See below the basic concept.
When switching FB to A or B you can get x1 or x10 amplification.
When switching C to A or B you can get x1 or x0.1 attenuation.
Open issues: how to protect the input of the ADC's INP_P and INP_N.
Any hints welcomed.
PS: let us not discuss the suitability of various monolithic SD/SAR 24bits++ ADCs for "DMM" purposes here, plz.
jaromir:
Using LTC2057 to generate half of Vref seems to be overkill here. You can use something like MCP6001 powered by power supply of ADC.
JFET seems to be common choice for overvoltage protection, for its low leakage. You may need to manually select individual transistors, though.
Also, be careful with C4 and C5 selection.
MasterT:
Emitter's junctions are "no go" anywhere near signal path.

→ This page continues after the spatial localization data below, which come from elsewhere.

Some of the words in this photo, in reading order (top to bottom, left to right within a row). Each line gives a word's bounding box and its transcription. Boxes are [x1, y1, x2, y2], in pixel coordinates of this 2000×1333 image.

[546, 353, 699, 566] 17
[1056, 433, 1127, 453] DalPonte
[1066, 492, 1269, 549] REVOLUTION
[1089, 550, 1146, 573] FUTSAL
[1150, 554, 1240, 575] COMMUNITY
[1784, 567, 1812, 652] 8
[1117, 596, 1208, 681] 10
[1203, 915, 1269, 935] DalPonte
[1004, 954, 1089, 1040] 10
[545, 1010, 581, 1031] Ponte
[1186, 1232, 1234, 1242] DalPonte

It's not clear, why AFE is necessary, seems ADC has internal PGA with 1 G impedance and 40 M with bypass. Why not use a simple resistive divider to extend input range?
iMo:
@jaromir:
TI's appnote sboa058 says Siliconix's 2n4117 claims 60fA.

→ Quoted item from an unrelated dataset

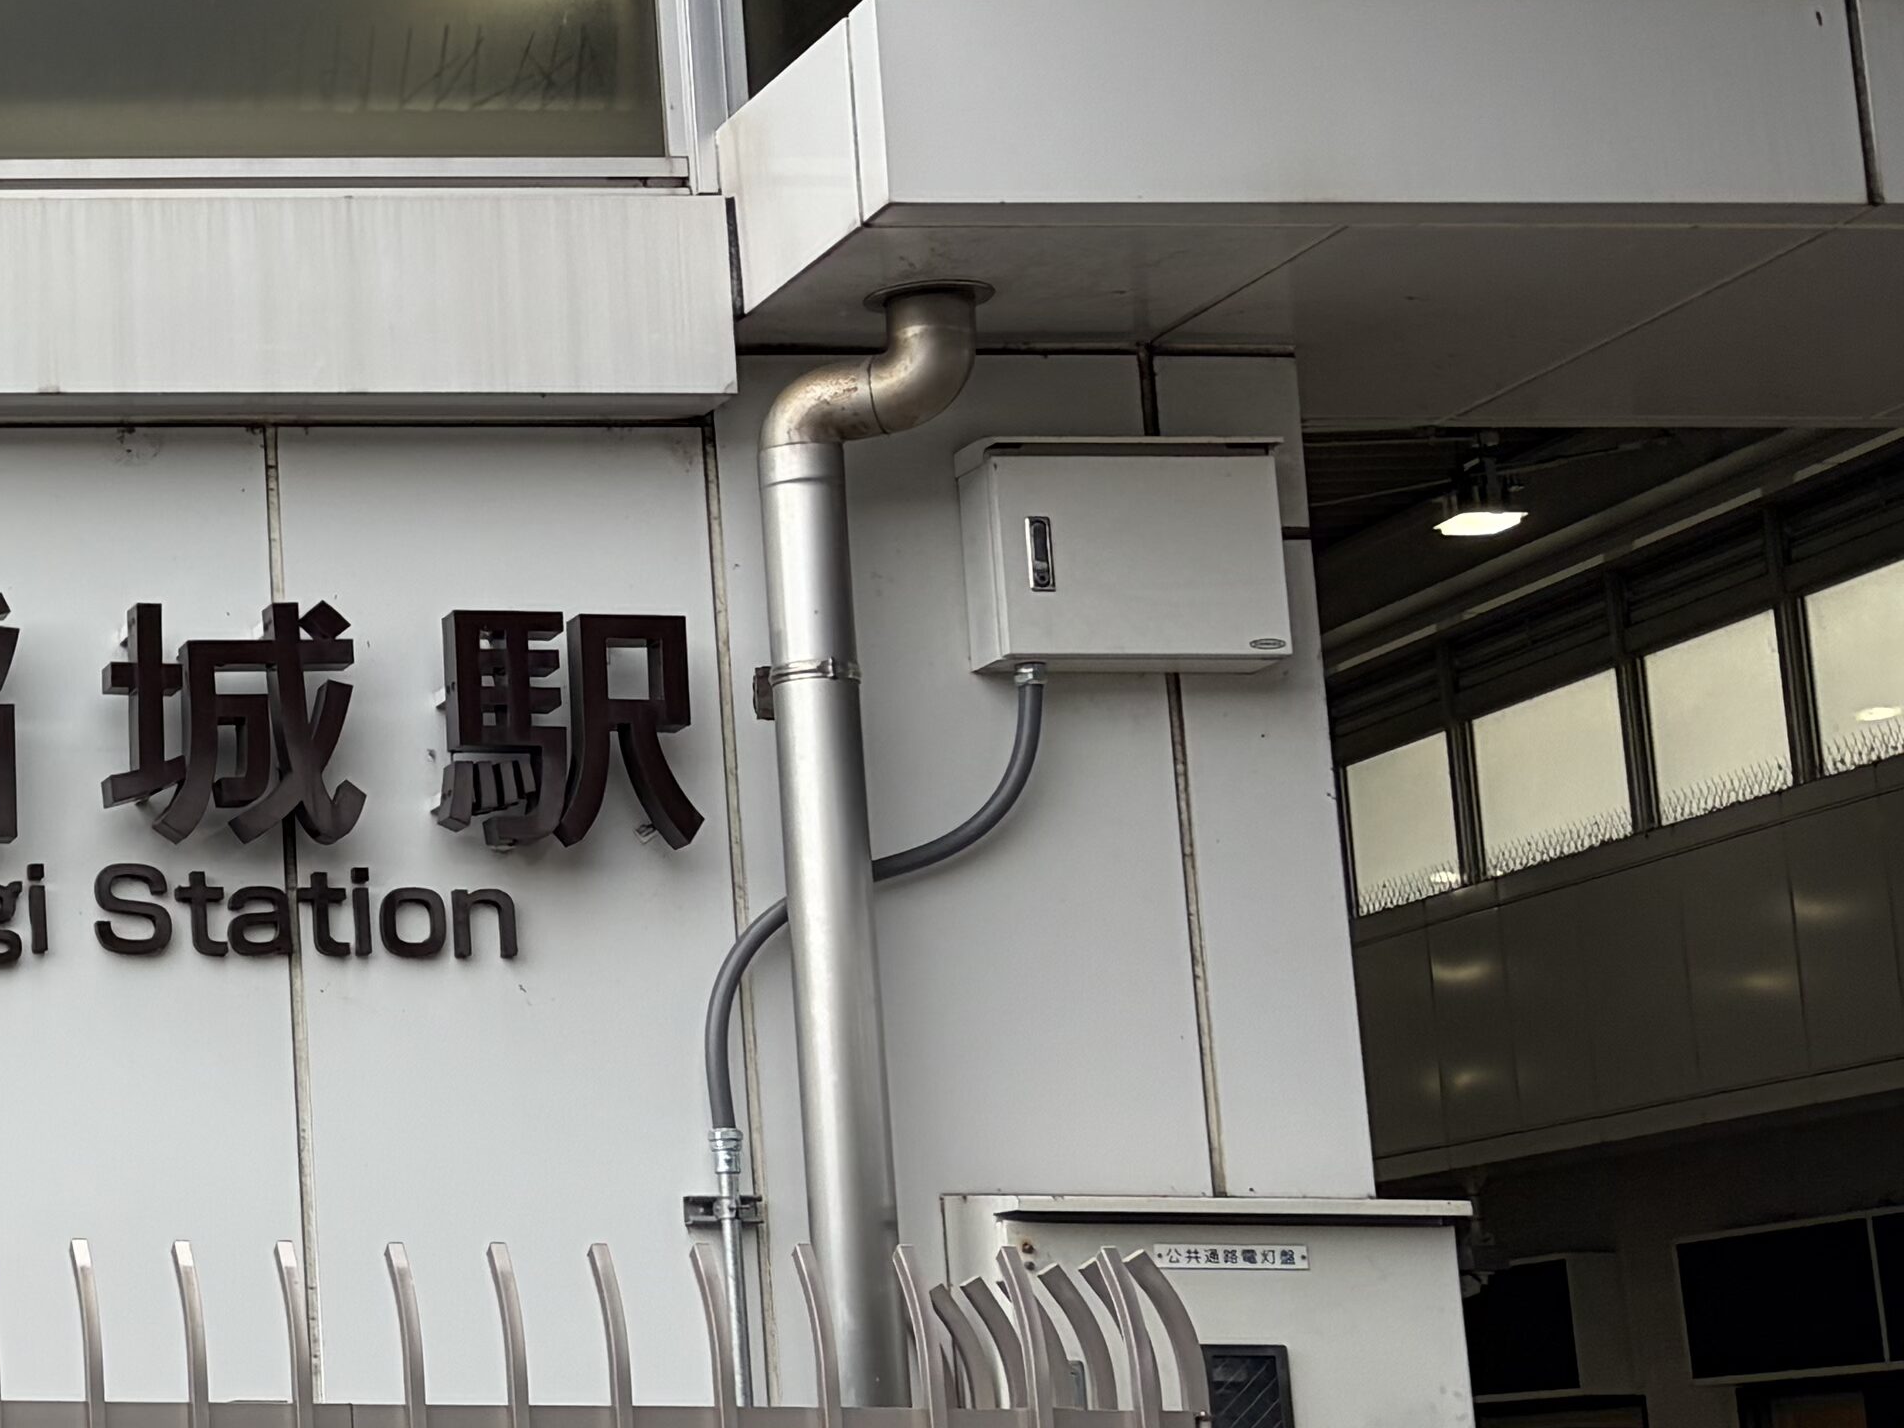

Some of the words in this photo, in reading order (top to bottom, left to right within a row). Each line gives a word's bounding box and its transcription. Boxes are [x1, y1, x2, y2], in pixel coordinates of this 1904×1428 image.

Tried with MCP6021 (6001 does not simulate here).
Simulation shows a little bit worse result (1.5uV off with +/-20V input).

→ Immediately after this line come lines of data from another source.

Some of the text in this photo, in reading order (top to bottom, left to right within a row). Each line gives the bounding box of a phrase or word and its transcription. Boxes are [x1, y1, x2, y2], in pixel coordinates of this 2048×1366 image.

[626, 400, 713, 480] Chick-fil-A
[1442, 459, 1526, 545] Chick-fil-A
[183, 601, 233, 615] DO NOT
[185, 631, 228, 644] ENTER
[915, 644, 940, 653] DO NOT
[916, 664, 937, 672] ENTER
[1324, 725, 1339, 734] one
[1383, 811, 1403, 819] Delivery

@MasterT: it depends on ADC chip used, the goal is >100Meg (with careful build).
MasterT:
I had negative experience using AZ OPA MCP6V28 for buffering reference voltage for 16-bits DAC. The problem was with a bias current, I mistakenly didn't follow microchip recommendation to keep input impedance seen by OPA equal:
--- Quote ---Make the resistances seen by the inputs small and
equal. This minimizes the output offset caused by the
input bias currents.
--- End quote ---
p.24
Looking at LT2057 ds, I see that LT recommends just exactly opposite:
--- Quote ---Injection currents from the two inputs are of equal magni-
tude but opposite direction. Therefore, input bias current
effects due to injection currents will not be canceled by
placing matched impedances at both inputs.
--- End quote ---
p.19
Doesn't matter if it's in the same direction or not, but I'd not use AZ in any high input (100 M) impedance application. On the same page 19:
--- Quote ---When these small
current pulses, typically about 0.7nA RMS , interact with
source impedances or gain setting resistors, the resulting
voltage spikes are amplified by the closed loop gain.
--- End quote ---
V = R x I = 100 M x 0.7nA = 70 mV.
It makes AZ even worse than LM358 with 10 mV offset, and LM358 is preferable since offset is pure DC no HF glitches, and easily subtracted by uCPU at start-up re-calibration subroutine.